Comments for the net investment income tax proposals will be due 90 days after the official Federal Register publication date, and comments on the additional Medicare tax draft will be due 60 days after the publication date.

The net investment income tax

The net investment income tax proposals implement Section 1402 of HCERA, which created IRC Section 1411.

IRC Section 1411 is supposed to impose a 3.8 percent tax on the unearned income of high-income taxpayers starting Jan. 1, 2013.

The tax, which is supposed to raise more than $210 billion over 10 years, will affect individual filers who earn more than $200,000 in adjusted gross income (AGI) and couples with an AGI over $250,000.

The income subject to the tax will include investment income from non-qualified annuities as well as income from interest, dividends and capital gains, IRS officials said in the FAQ answers.

Types of income not subject to the tax will include Social Security benefits income; distributions from qualified plans such as 401(a) plans, 403(a) plans, 403(b) plans, 408 plans and 457(b) plans; and unemployment compensation.

“Estates and trusts will be subject to the net investment income tax if they have undistributed net investment income and also have adjusted gross income over the dollar amount at which the highest tax bracket for an estate or trust begins for such taxable year,” officials said.

For tax year 2012, the threshold amount is $11,650, officials said.

In the preamble to the net investment income tax draft, officials include a section on treatment of annuities.

“Gain or loss from the sale of an annuity would be treated as net investment income,” officials said. “To the extent the sales price of the annuity does not exceed its surrender value, the gain recognized would be treated as gross income… If the sales price of the annuity exceeds its surrender value, the seller would treat the gain equal to the difference between the basis in the annuity and the surrender value as gross income … and would treat the excess of the sales price over the surrender value as gain from the disposition of property….

Later, officials noted that “any income of the trust of a qualified plan or arrangement that is applied to purchase a participant’s life insurance coverage…is not included in net investment income.”

Charitable remainder trusts (CRTs)
The IRS is creating special rules for charitable remainder trusts (CRTs).

Officials are proposing that “distributions from a charitable remainder trust to a beneficiary for a taxable year consist of net investment income in an amount equal to the lesser of the total amount of the distributions for that year, or the current and accumulated net investment income of the charitable remainder trust.”

If a CRT has more than one beneficiary, the amount of net investment income that the beneficiary must report will be based on the share of the total CRT distribution amount that it gets.

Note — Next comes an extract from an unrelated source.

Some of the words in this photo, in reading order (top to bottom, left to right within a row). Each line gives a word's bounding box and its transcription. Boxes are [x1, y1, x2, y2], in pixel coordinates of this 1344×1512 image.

Officials reported that they chose this method rather than a more complicated method that would have involved class-by-class calculations.

Additional Medicare tax (IRC Section 3101(b)(2))
Officials refer briefly to non-qualified deferred comp plans in the draft additional Medicare tax regulations.

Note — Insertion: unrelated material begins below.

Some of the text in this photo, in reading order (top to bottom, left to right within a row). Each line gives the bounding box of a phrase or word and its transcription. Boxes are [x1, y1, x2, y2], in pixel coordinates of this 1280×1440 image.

The new IRC Section 3101(b)(2) provision would increase the Federal Insurance Contributions Act (FICA) Medicare withholding tax rate for single filers earning more than $200,000 and married joint filers earning more than $250,000 by 0.9 percentage points — to 2.35 percent, from 1.45 percentage points.

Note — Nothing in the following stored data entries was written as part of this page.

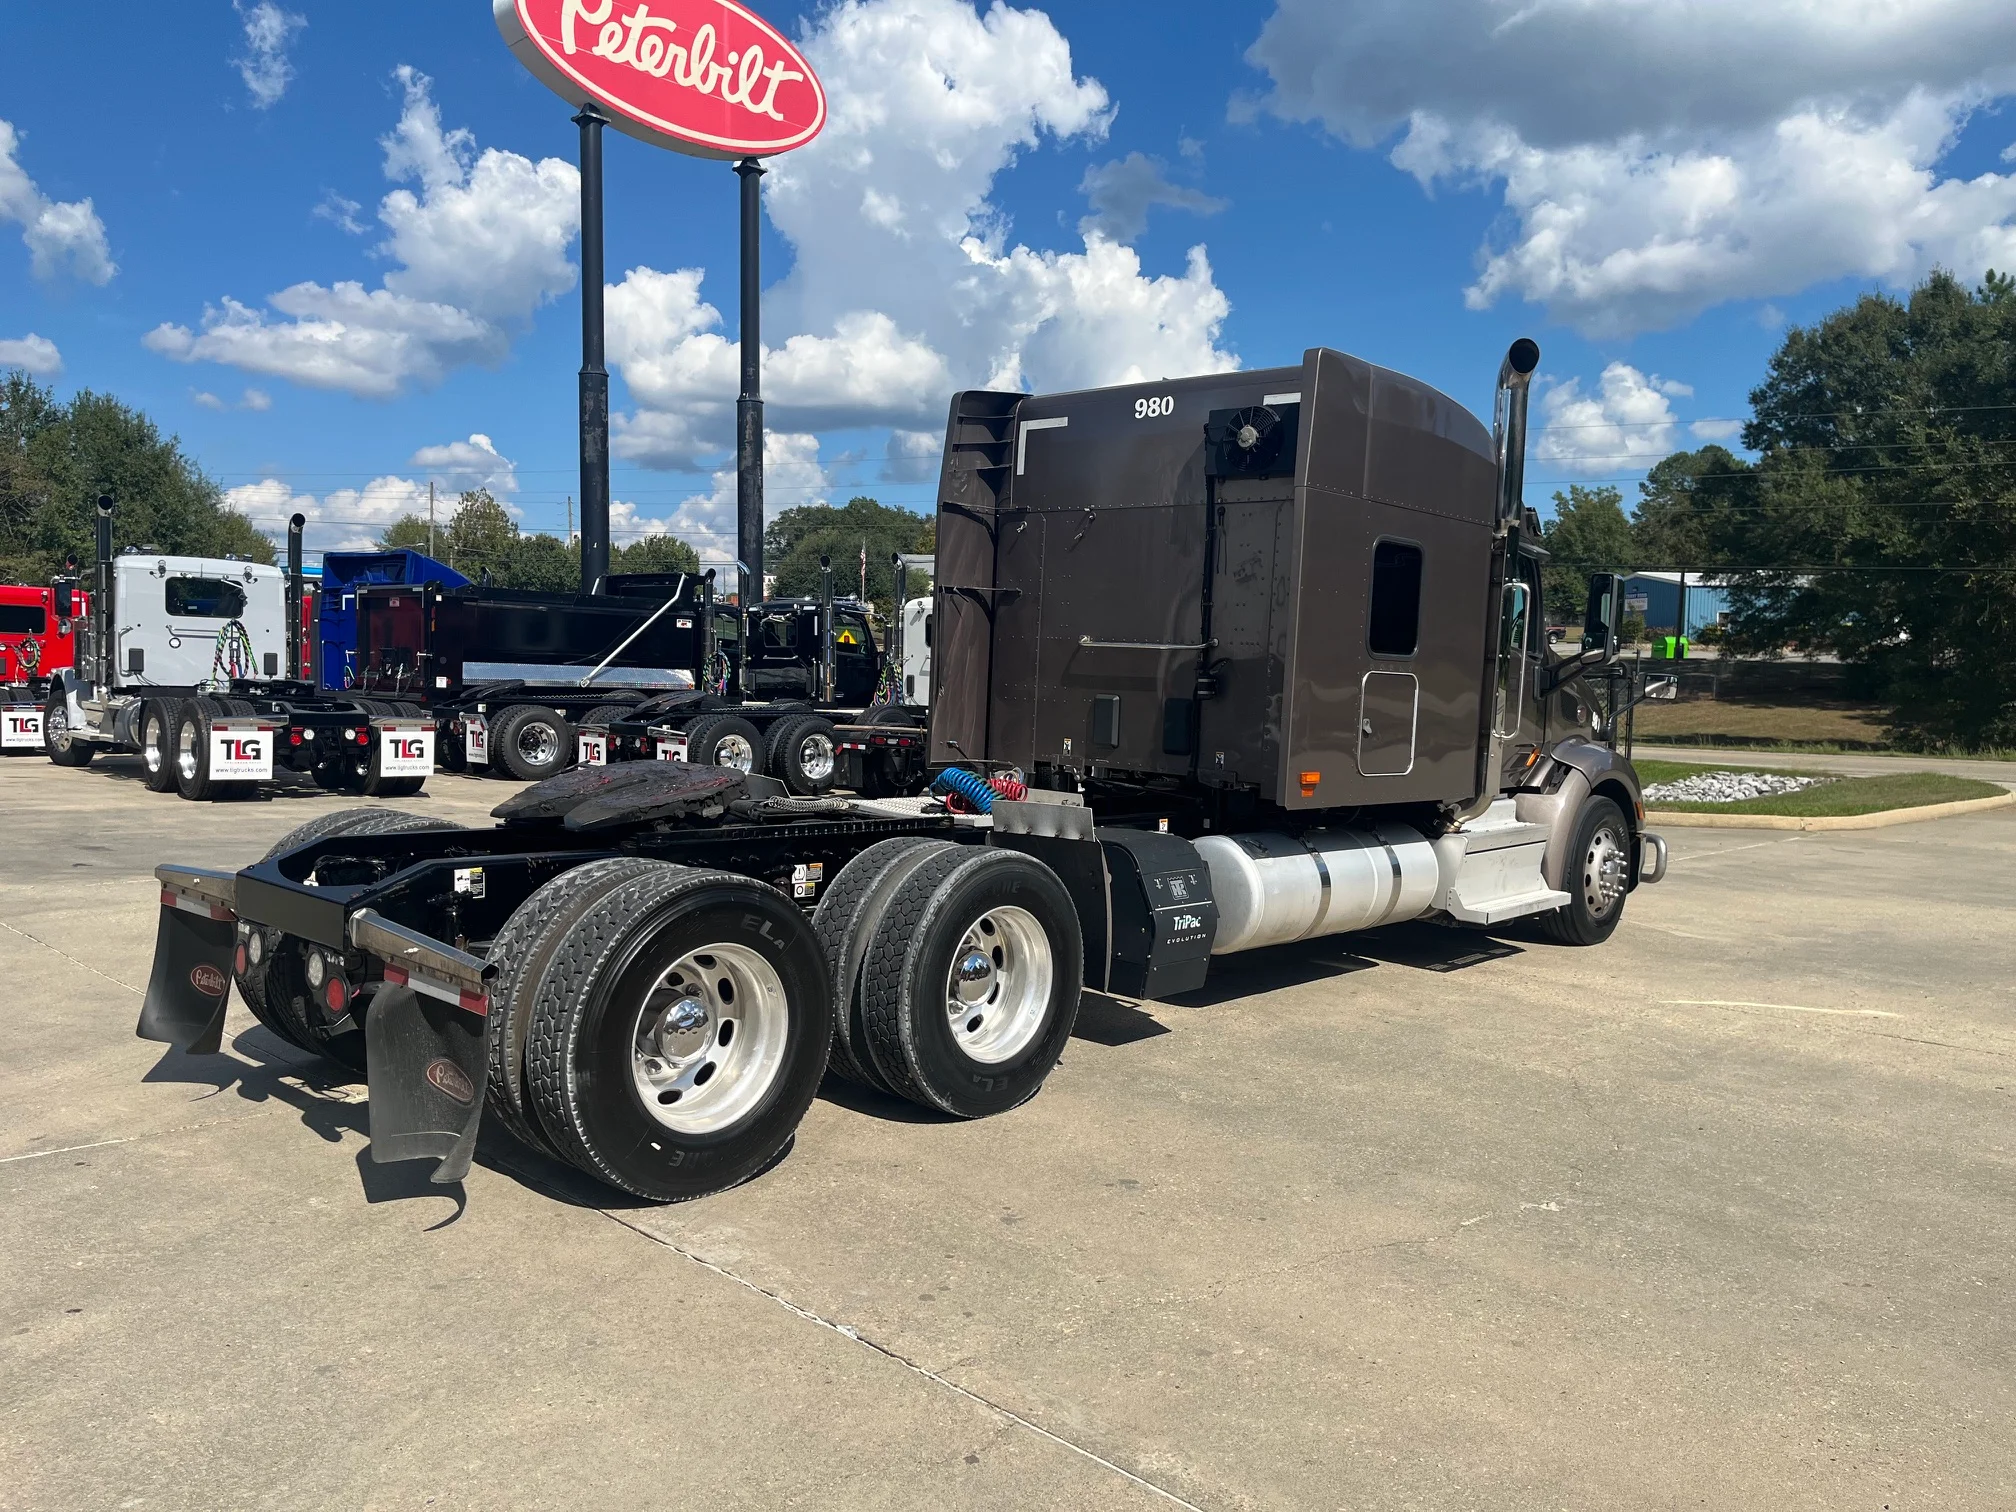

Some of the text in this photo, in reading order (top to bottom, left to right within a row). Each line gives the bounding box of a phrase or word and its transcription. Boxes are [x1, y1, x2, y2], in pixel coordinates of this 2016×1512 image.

[561, 0, 804, 121] Peterbilt
[1134, 395, 1174, 419] 980
[8, 717, 39, 733] TLG
[389, 738, 424, 759] TLG
[469, 730, 484, 748] TLG
[220, 739, 261, 760] TLG
[583, 742, 601, 761] TLG
[1173, 914, 1202, 931] TriPac
[1166, 933, 1207, 945] EVOLUTION
[195, 969, 223, 991] Peterbilt

The percentage point change would increase the dollar value of the Medicare tax that affected taxpayers pay by 62 percent.

Calculating wages for purposes of the new additional Medicare tax will be the same as calculating wages for other FICA withholding tax purposes, officials said.

“For example, if an employee has amounts deferred under a nonqualified deferred compensation plan and the nonqualified deferred compensation (NQDC) is taken into account as wages for FICA tax purposes under the special timing rule …, the NQDC would likewise be taken into account under the special timing rule for purposes of determining an employer’s obligation to withhold additional Medicare tax, officials said.